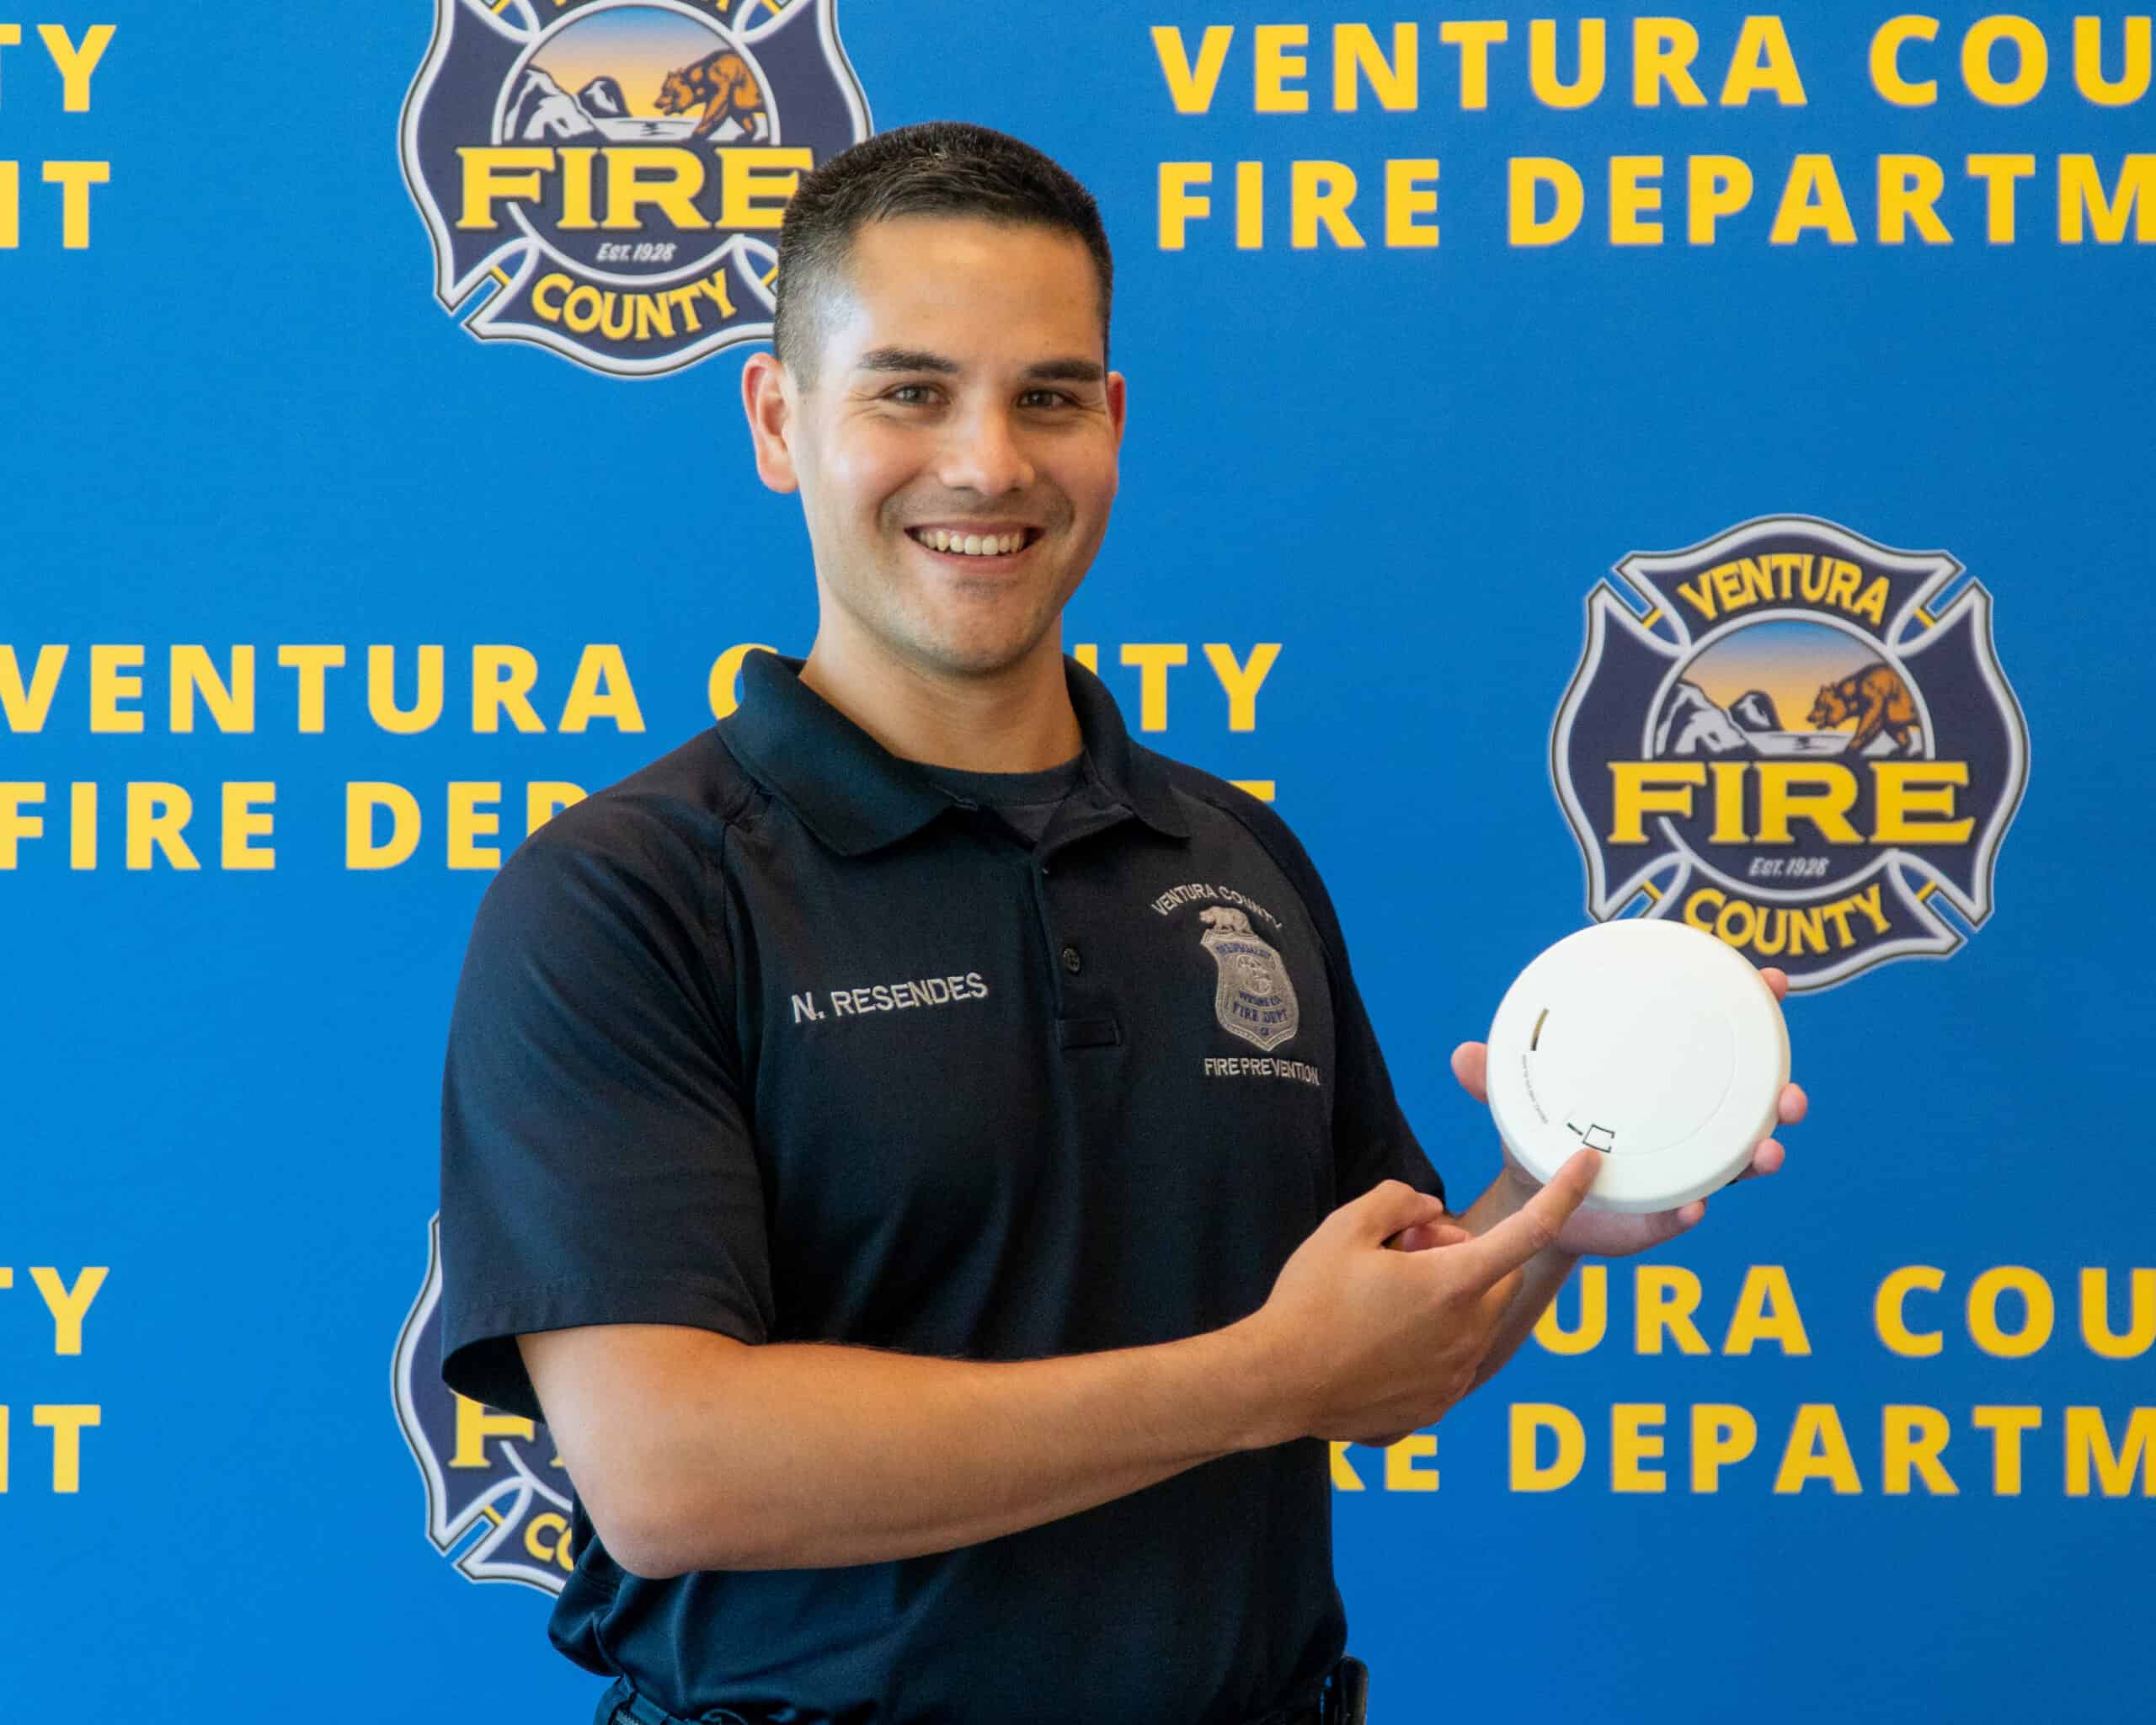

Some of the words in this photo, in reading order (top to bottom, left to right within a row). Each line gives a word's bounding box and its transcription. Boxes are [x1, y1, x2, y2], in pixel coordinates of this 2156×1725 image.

[1151, 15, 1807, 113] VENTURA
[1869, 14, 2153, 106] COU
[456, 146, 815, 230] FIRE
[1159, 158, 1439, 249] FIRE
[1508, 153, 2156, 246] DEPARTM
[632, 242, 677, 262] 1928
[531, 270, 737, 342] COUNTY
[1678, 553, 1891, 627] VENTURA
[0, 644, 645, 733] VENTURA
[0, 782, 277, 870] FIRE
[1606, 761, 1977, 844] FIRE
[1150, 883, 1219, 916] VENTURA
[1785, 856, 1830, 877] 1928
[1683, 882, 1892, 956] COUNTY
[791, 991, 825, 1023] N.
[830, 972, 989, 1017] RESENDES
[1204, 1057, 1240, 1076] FIRE
[1874, 1264, 2156, 1358] COU
[1508, 1402, 2156, 1498] DEPARTM

Assignment:
Return the material verbatim; the images are not to appear in the copy.

Completed exercise:
Some of the words in this photo, in reading order (top to bottom, left to right within a row). Each line gives a word's bounding box and its transcription. Boxes are [x1, y1, x2, y2], in pixel coordinates of this 2156×1725 image.

[1151, 15, 1807, 113] VENTURA
[1869, 14, 2153, 106] COU
[456, 146, 815, 230] FIRE
[1159, 158, 1439, 249] FIRE
[1508, 153, 2156, 246] DEPARTM
[632, 242, 677, 262] 1928
[531, 270, 737, 342] COUNTY
[1678, 553, 1891, 627] VENTURA
[0, 644, 645, 733] VENTURA
[0, 782, 277, 870] FIRE
[1606, 761, 1977, 844] FIRE
[1150, 883, 1219, 916] VENTURA
[1785, 856, 1830, 877] 1928
[1683, 882, 1892, 956] COUNTY
[791, 991, 825, 1023] N.
[830, 972, 989, 1017] RESENDES
[1204, 1057, 1240, 1076] FIRE
[1874, 1264, 2156, 1358] COU
[1508, 1402, 2156, 1498] DEPARTM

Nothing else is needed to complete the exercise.